The primary resource for deploying optimized inference services. Supports both standalone and KServe deployment platforms, with options for single-node or multi-node (tensor/pipeline parallelism) configurations.
Key capabilities:
  • Multiple inference platform support (standalone, KServe)
  • Auto-scaling with HorizontalPodAutoscaler
  • Multi-node deployments using LeaderWorkerSet
  • Model caching via NIMCache integration
  • Ingress and Gateway API routing
  • Prometheus metrics and ServiceMonitor
Example:
apiVersion: apps.nvidia.com/v1alpha1
kind: NIMService
metadata:
  name: llama-3-8b
spec:
  image:
    repository: nvcr.io/nim/meta/llama-3-8b-instruct
    tag: "1.0.0"
  authSecret: ngc-secret
  storage:
    nimCache:
      name: llama-cache
      profile: "tensorrt-llm-h100-fp16"
  resources:
    limits:
      nvidia.com/gpu: 1
  expose:
    service:
      type: ClusterIP
      port: 8000
See the NIMService API reference for all available fields.

NIMCache

Manages model caching to persistent storage.

Purpose

Automates downloading and caching AI models from NGC, NeMo DataStore, or HuggingFace to persistent volumes. Models are optimized and profiled for specific GPU configurations.
Key capabilities:
  • Multiple model sources (NGC, DataStore, HuggingFace)
  • Profile-based model selection
  • GPU-specific optimizations
  • Proxy and custom certificate support
  • Job-based caching with TTL
Example:
apiVersion: apps.nvidia.com/v1alpha1
kind: NIMCache
metadata:
  name: llama-cache
spec:
  source:
    ngc:
      authSecret: ngc-secret
      modelPuller: nvcr.io/nim/meta/llama-3-8b-instruct:1.0.0
      pullSecret: ngc-secret
      model:
        profiles:
          - "tensorrt-llm-h100-fp16"
  storage:
    pvc:
      create: true
      storageClass: nfs-client
      size: 50Gi
See the NIMCache API reference for all available fields.

NIMBuild

Builds optimized TensorRT-LLM engines from cached models.

Purpose

Creates optimized inference engines from model weights cached by NIMCache. Building custom engines significantly improves inference performance by optimizing for specific GPU hardware.
Key capabilities:
  • TensorRT-LLM engine optimization
  • GPU-specific compilation
  • Profile-based building
  • Integration with NIMCache and NIMService
Example:
apiVersion: apps.nvidia.com/v1alpha1
kind: NIMBuild
metadata:
  name: llama-3-8b-engine
spec:
  nimCache:
    name: llama-cache
    profile: "tensorrt-llm-h100-fp16"
  modelName: llama-3-8b-optimized
  image:
    repository: nvcr.io/nvidia/nim-llm
    tag: "1.2.0"
    pullSecrets:
      - ngc-secret
  resources:
    limits:
      nvidia.com/gpu: 1
      memory: 64Gi
See the NIMBuild API reference for all available fields.

NIMPipeline

Orchestrates multiple NIM services as a pipeline.

Purpose

Creates and manages a collection of related NIM services with dependency management.
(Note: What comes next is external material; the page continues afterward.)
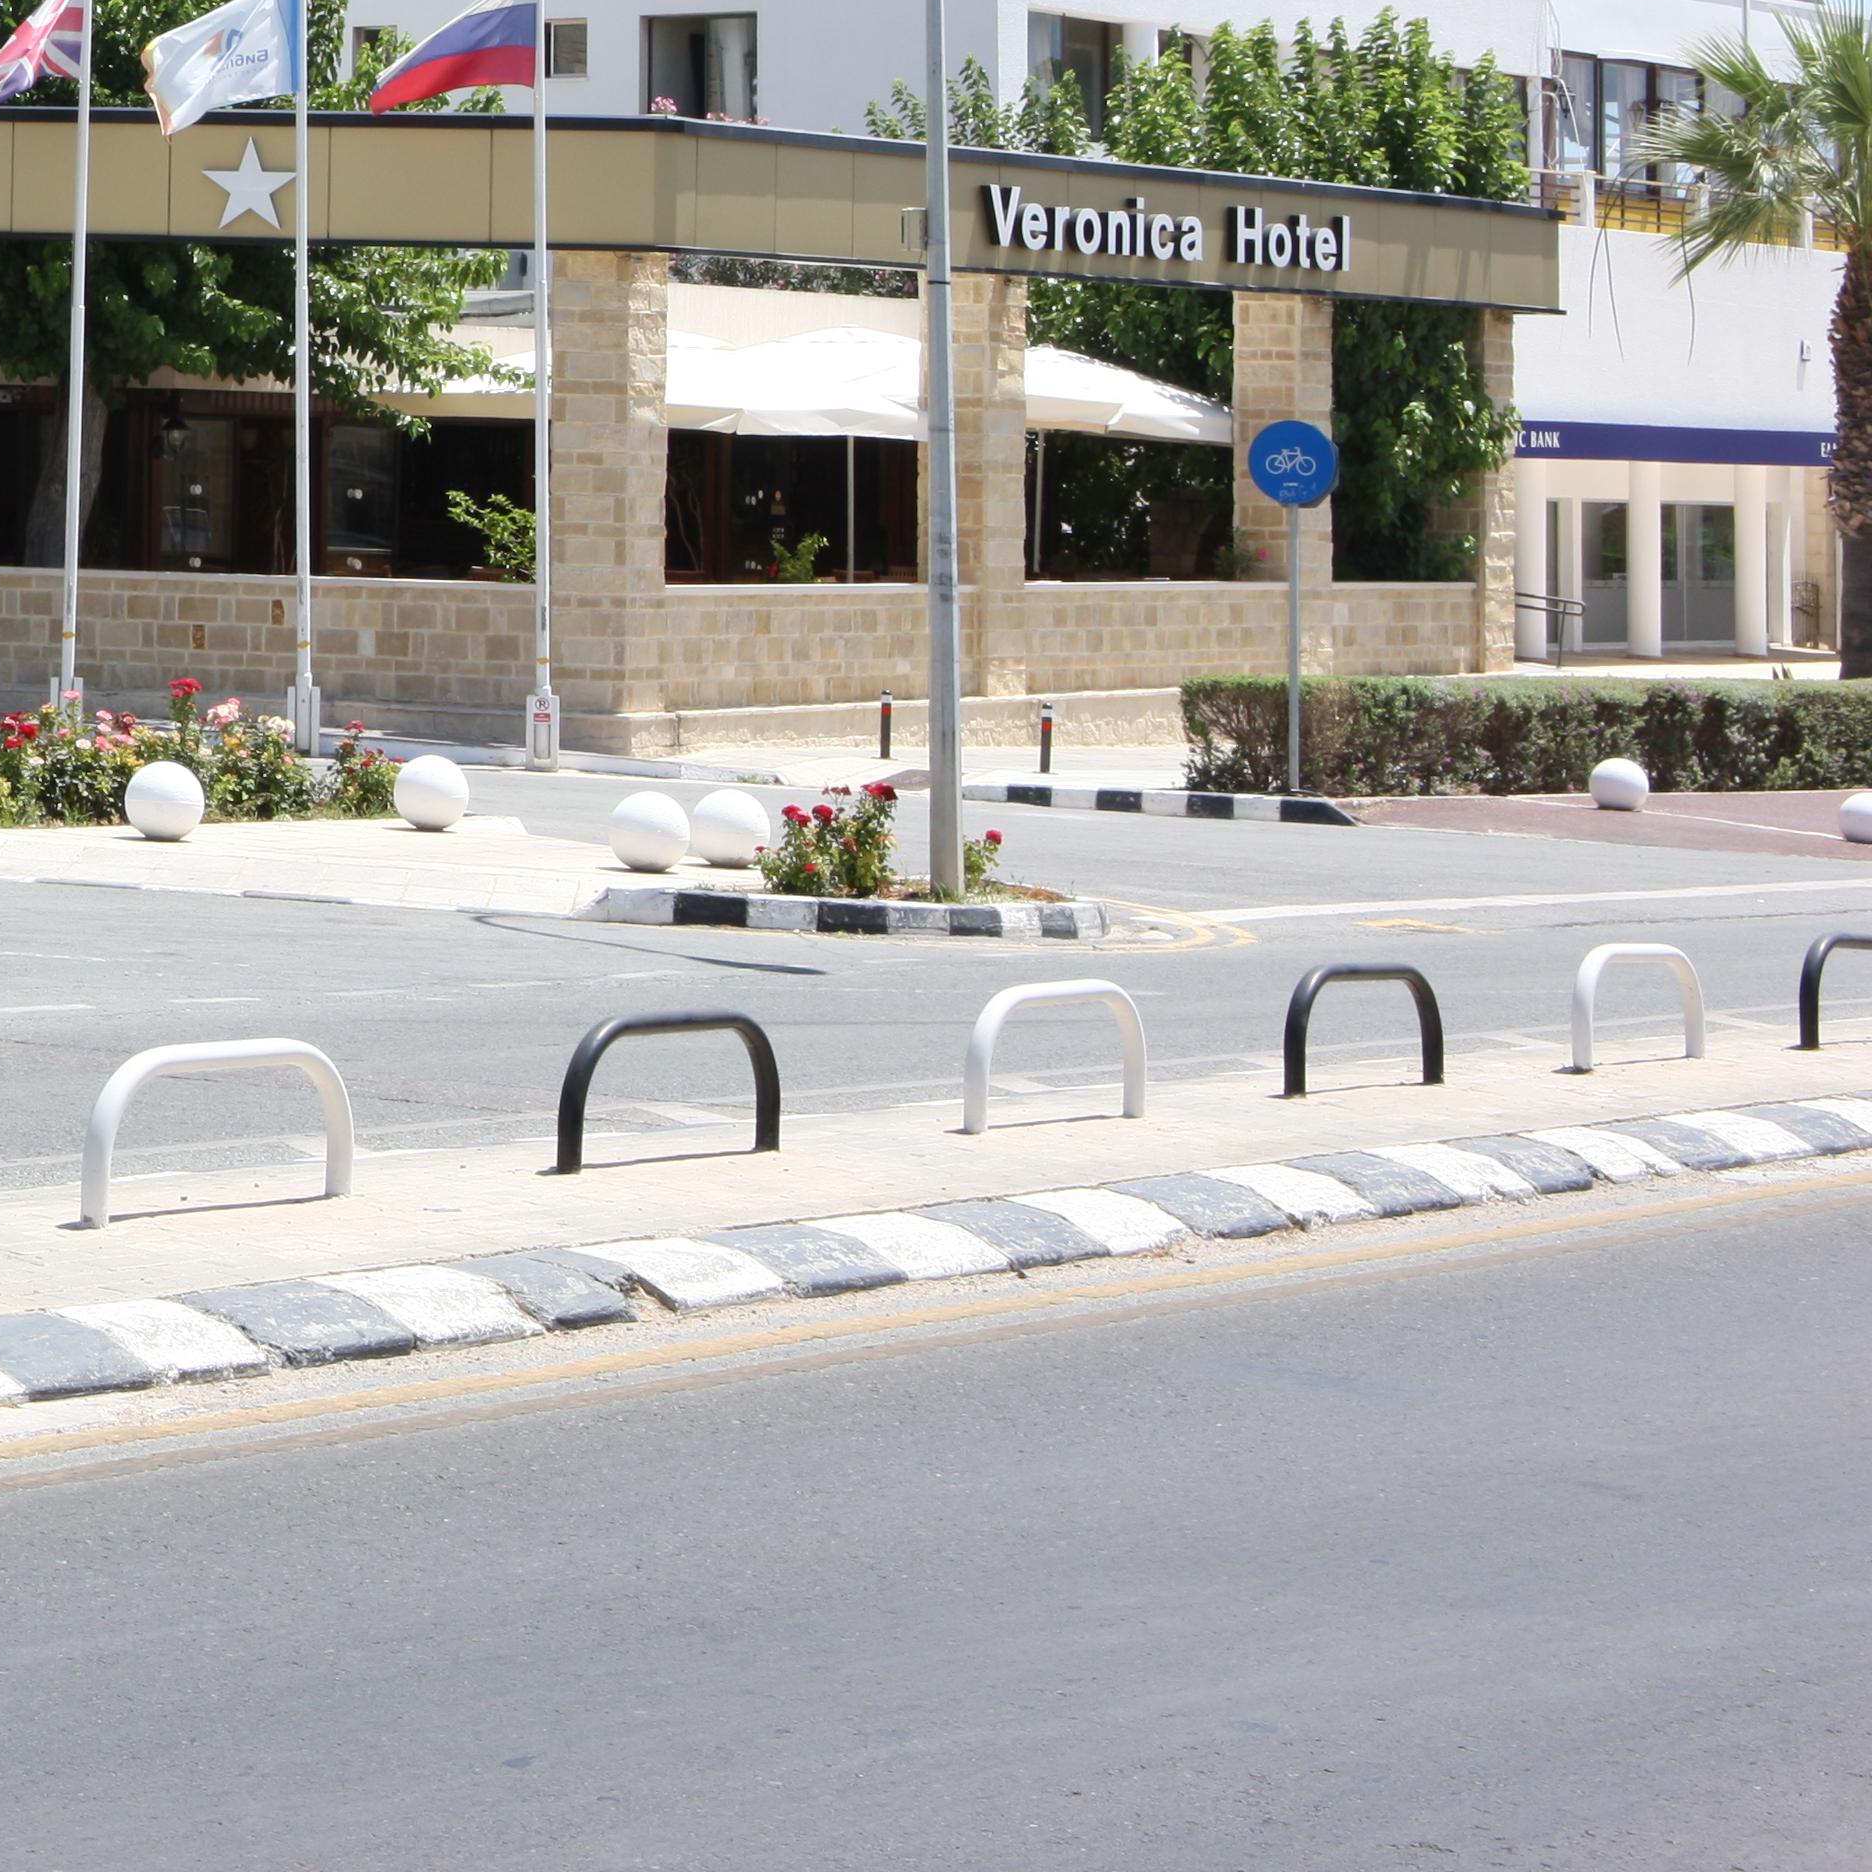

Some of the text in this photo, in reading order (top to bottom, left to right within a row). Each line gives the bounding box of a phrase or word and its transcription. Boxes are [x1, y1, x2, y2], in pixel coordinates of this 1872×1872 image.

[986, 183, 1351, 273] Veronica Hotel
[1530, 430, 1561, 449] BANK
Useful for chaining multiple models or creating complex inference workflows.
Key capabilities:
  • Multiple service orchestration
  • Service dependency management
  • Conditional service enablement
  • Automatic endpoint configuration
Example:
apiVersion: apps.nvidia.com/v1alpha1
kind: NIMPipeline
metadata:
  name: rag-pipeline
spec:
  services:
    - name: embeddings
      enabled: true
      spec:
        image:
          repository: nvcr.io/nim/nvidia/nv-embedqa-e5-v5
          tag: "1.0.0"
        # ... NIMService spec ...
    - name: llm
      enabled: true
      dependencies:
        - name: embeddings
          port: 8000
          envName: EMBEDDING_URL
      spec:
        # ... NIMService spec ...
See the NIMPipeline API reference for all available fields.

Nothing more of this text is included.